SUPPLIED RECORDS below:

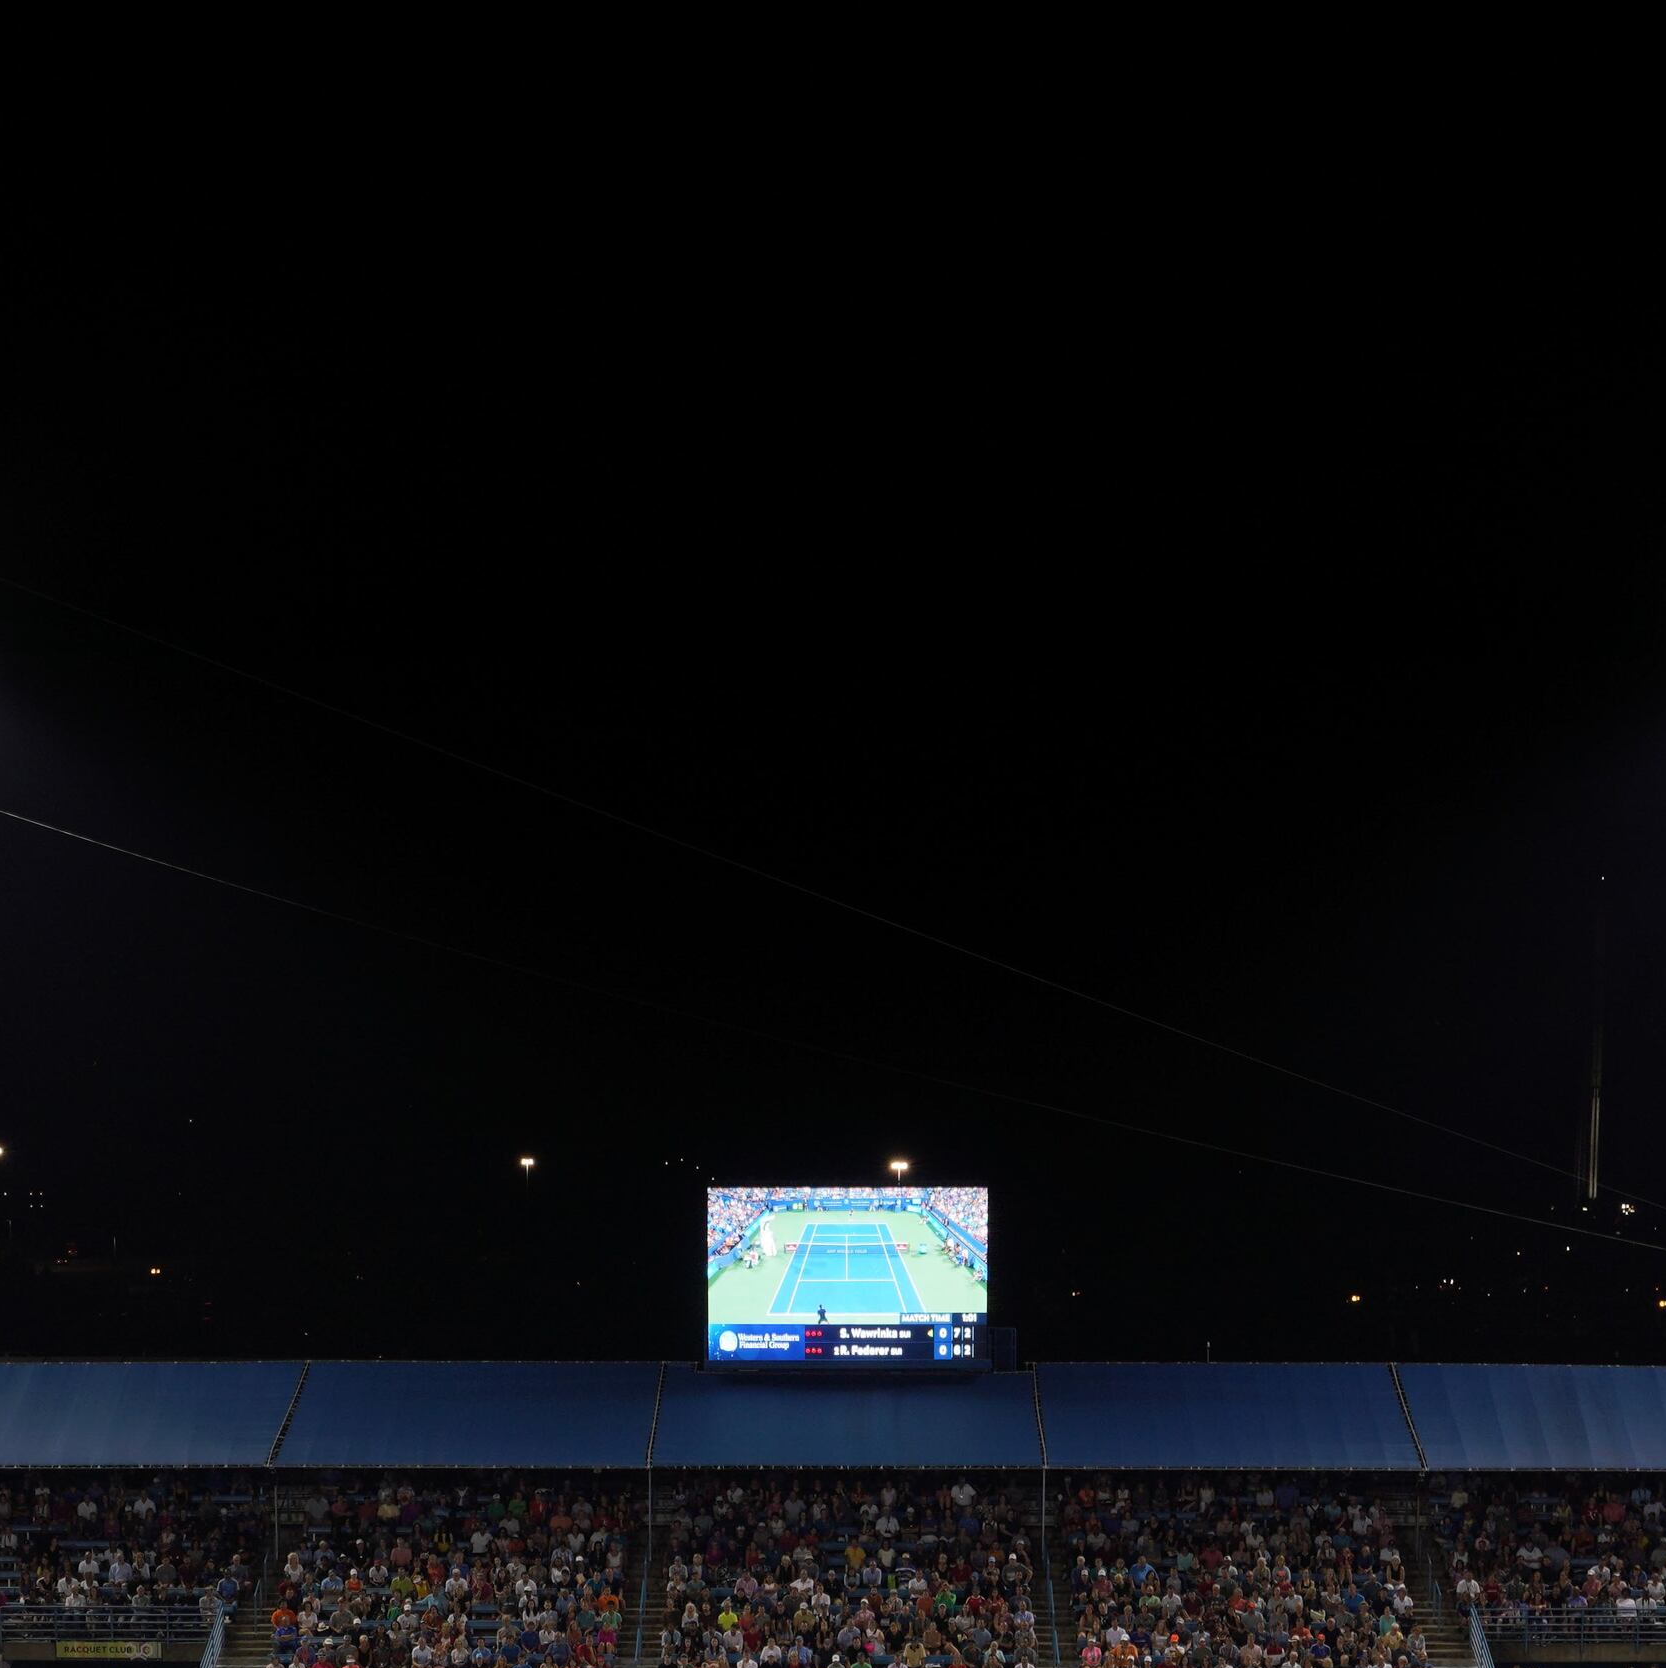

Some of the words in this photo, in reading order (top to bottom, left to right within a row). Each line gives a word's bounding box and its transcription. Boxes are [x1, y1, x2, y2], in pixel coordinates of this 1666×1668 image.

[901, 1314, 930, 1322] MATCH
[931, 1314, 950, 1322] TIME
[962, 1313, 977, 1322] 1:01
[839, 1327, 850, 1339] S.
[851, 1327, 898, 1339] Wawrinka
[953, 1327, 961, 1338] 7
[964, 1327, 971, 1338] 2
[851, 1345, 889, 1355] Federer
[964, 1344, 971, 1355] 2
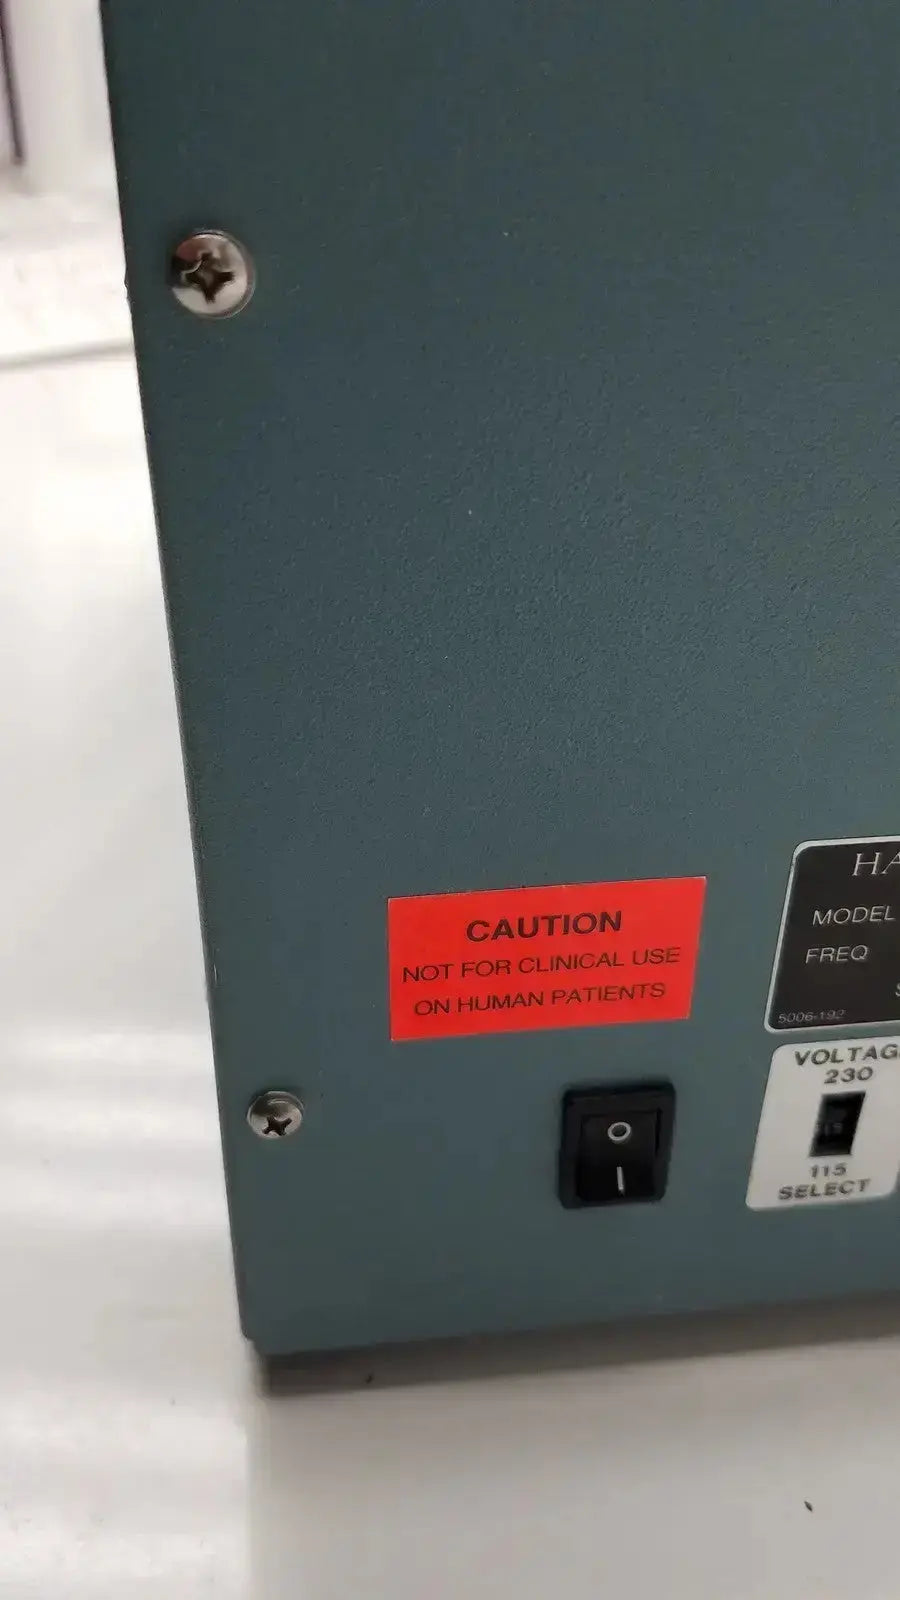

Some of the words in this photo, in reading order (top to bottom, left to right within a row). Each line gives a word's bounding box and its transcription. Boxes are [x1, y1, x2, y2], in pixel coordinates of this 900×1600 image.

End of SUPPLIED RECORDS.

EXERCISE: Transcribe each record above exactly, leaving every picture out of the copy.

COMPLETED EXERCISE:
Some of the words in this photo, in reading order (top to bottom, left to right within a row). Each line gives a word's bounding box and its transcription. Boxes are [x1, y1, x2, y2], in pixel coordinates of this 1666×1668 image.

[901, 1314, 930, 1322] MATCH
[931, 1314, 950, 1322] TIME
[962, 1313, 977, 1322] 1:01
[839, 1327, 850, 1339] S.
[851, 1327, 898, 1339] Wawrinka
[953, 1327, 961, 1338] 7
[964, 1327, 971, 1338] 2
[851, 1345, 889, 1355] Federer
[964, 1344, 971, 1355] 2

Some of the words in this photo, in reading order (top to bottom, left to right within a row). Each line gives a word's bounding box and its transcription. Boxes are [x1, y1, x2, y2], in pixel coordinates of this 900×1600 image.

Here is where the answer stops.